Rescuers refused to be deterred from their efforts to find survivors beneath Joplin's jagged piles of tornado rubble, even as the death toll rose Wednesday to 125.
No new survivors had been pulled from the city's wrecked neighborhoods, but determined crews carried on with the search, checking some areas for a fourth time since Sunday's disaster. They planned to do a fifth sweep, too.
"We never give up. We're not going to give up," City Manager Mark Rohr told a news conference. "We'll continue to search as we develop the next phase in the process."
Rohr raised by three the death toll of the nation's deadliest single tornado in more than 60 years. The estimated number of injured climbed to more than 900.
At least 50 dogs have joined the search, and the teams were also using listening devices in hopes of picking up the faint sound of anyone still alive beneath the collapsed homes and businesses.
"We've had stories from earthquakes and tsunamis and other disasters of people being found two or three weeks later," Fire Chief Mitch Randles said. "And we are hopeful that we'll have a story like that to tell."
Searchers "try to get into every space. We're yelling. We've got the dogs sniffing. We've got listening devices," Randles said.
Meanwhile, roughly 100 people were reviewing information about individuals who were reported missing after the storm.

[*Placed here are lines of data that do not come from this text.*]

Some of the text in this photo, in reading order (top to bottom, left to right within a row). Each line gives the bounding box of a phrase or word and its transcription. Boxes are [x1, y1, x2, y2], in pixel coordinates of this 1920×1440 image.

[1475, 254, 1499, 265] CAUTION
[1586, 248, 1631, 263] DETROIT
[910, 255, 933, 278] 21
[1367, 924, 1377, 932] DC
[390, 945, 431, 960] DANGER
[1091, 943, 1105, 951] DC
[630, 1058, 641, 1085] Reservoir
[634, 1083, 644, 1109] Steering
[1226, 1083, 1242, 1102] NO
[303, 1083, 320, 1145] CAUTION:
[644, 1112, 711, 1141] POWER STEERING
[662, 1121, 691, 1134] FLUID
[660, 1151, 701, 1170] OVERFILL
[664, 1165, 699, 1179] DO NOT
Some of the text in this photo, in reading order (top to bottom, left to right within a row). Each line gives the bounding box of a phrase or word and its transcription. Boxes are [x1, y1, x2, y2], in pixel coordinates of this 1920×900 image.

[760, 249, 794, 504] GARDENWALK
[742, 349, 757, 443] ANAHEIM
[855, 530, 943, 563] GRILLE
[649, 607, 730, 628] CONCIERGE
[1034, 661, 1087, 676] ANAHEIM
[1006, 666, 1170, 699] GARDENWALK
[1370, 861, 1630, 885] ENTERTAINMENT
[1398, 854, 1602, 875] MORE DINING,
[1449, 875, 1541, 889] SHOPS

Rohr said the group was making progress, but he declined to say how many remain unaccounted for.
Authorities have cautioned that people who are unaccounted for are not necessarily dead or trapped in debris. Many, if not most, of them probably survived the storm but have failed to tell friends and family where they are.

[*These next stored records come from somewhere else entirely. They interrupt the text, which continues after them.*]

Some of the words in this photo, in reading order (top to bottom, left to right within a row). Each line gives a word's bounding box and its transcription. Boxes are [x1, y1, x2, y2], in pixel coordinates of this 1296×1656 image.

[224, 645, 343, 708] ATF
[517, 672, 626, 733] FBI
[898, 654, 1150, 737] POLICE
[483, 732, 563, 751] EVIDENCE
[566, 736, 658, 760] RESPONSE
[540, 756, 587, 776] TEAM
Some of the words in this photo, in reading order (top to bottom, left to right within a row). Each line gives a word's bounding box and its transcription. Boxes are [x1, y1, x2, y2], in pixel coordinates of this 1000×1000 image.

The Joplin tornado was the deadliest single twister since the National Weather Service began keeping official records in 1950. It was the eighth-deadliest in U.S. history.

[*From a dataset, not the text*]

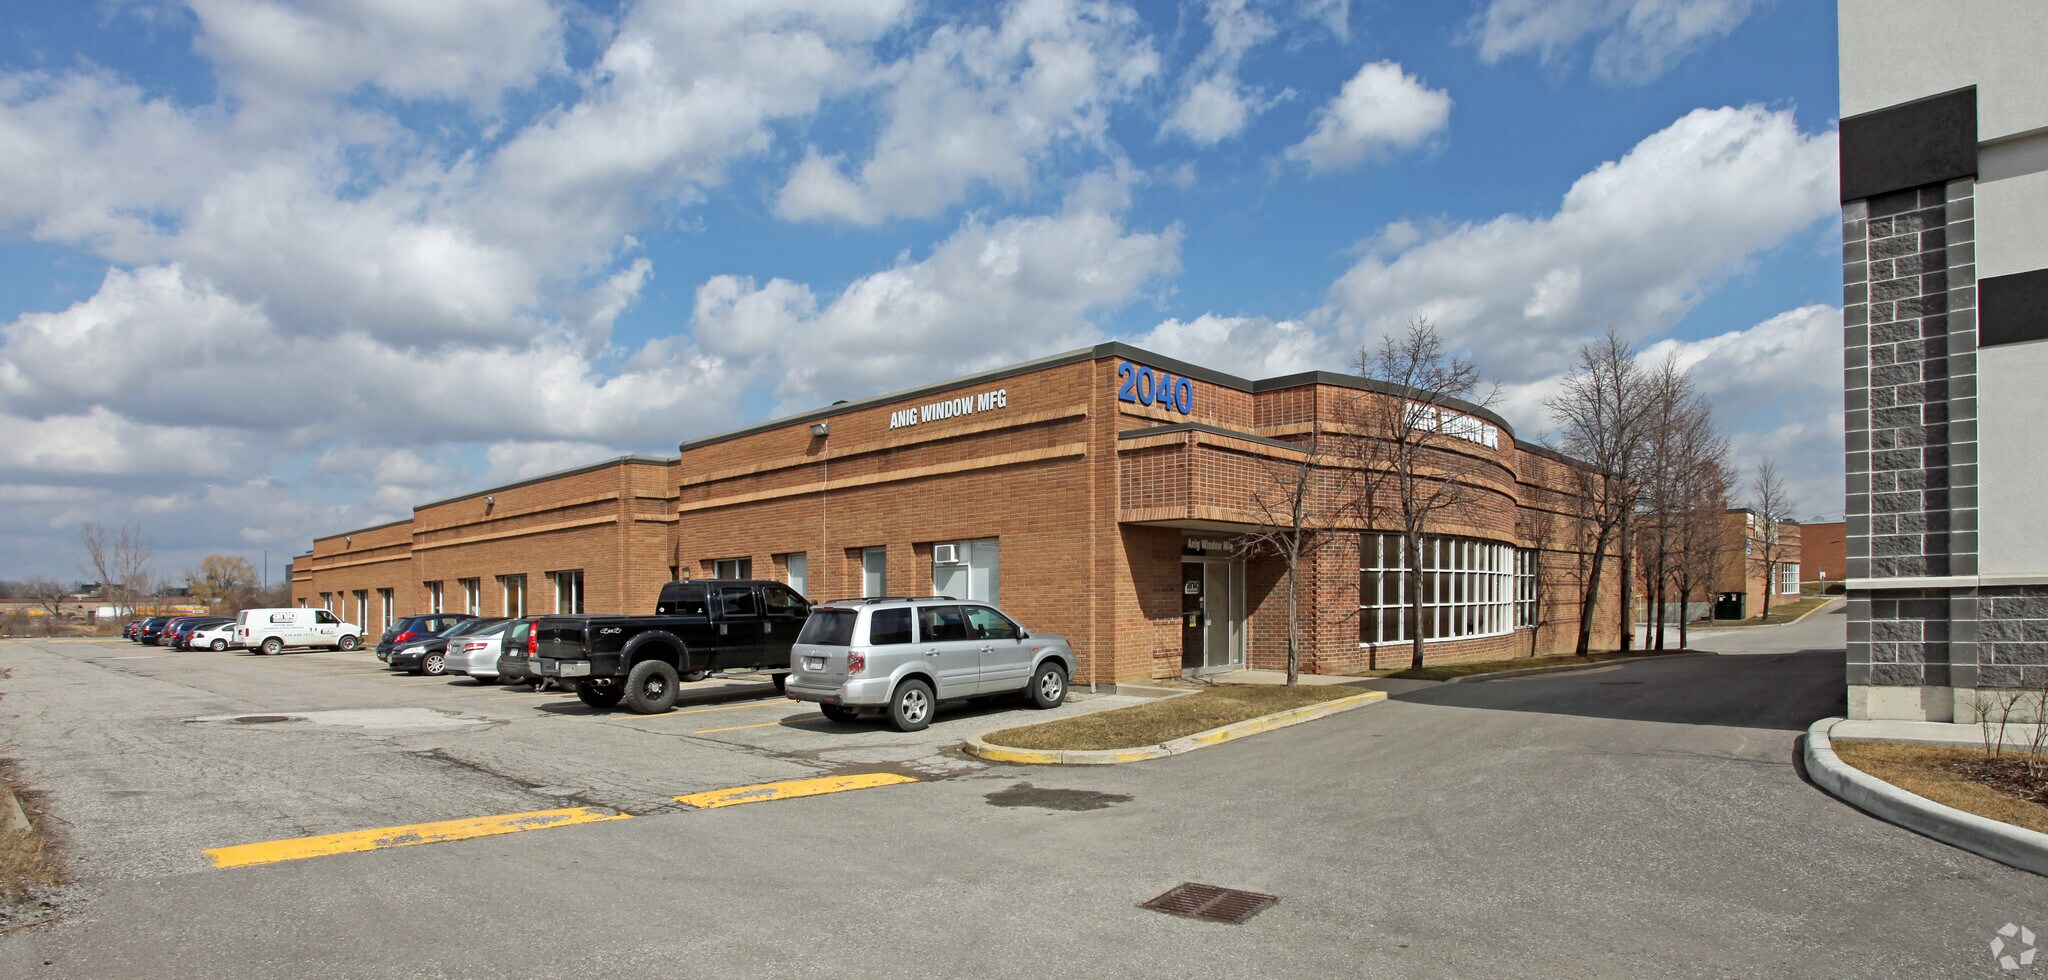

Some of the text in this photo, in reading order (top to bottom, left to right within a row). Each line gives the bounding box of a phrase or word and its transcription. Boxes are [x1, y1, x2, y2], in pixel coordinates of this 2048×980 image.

Scientists said the system was an EF-5, the strongest rating assigned to tornadoes, with winds of more than 200 mph.
It also appeared to be a rare "multivortex" tornado, with two or more small and intense centers of rotation orbiting the larger funnel.
Bill Davis, the lead forecaster on a weather service team sent to survey the damage, said he would need to look at video to confirm that.
But, he said, the strength of the tornado was evident from the many stout buildings that were damaged: St. John's Regional Medical Center, a bank that was destroyed except for its vault, a Pepsi bottling plant and "numerous well-built residential homes that were basically leveled."
Davis recalled his first thought on arriving in town to conduct the survey: "Where do you start?"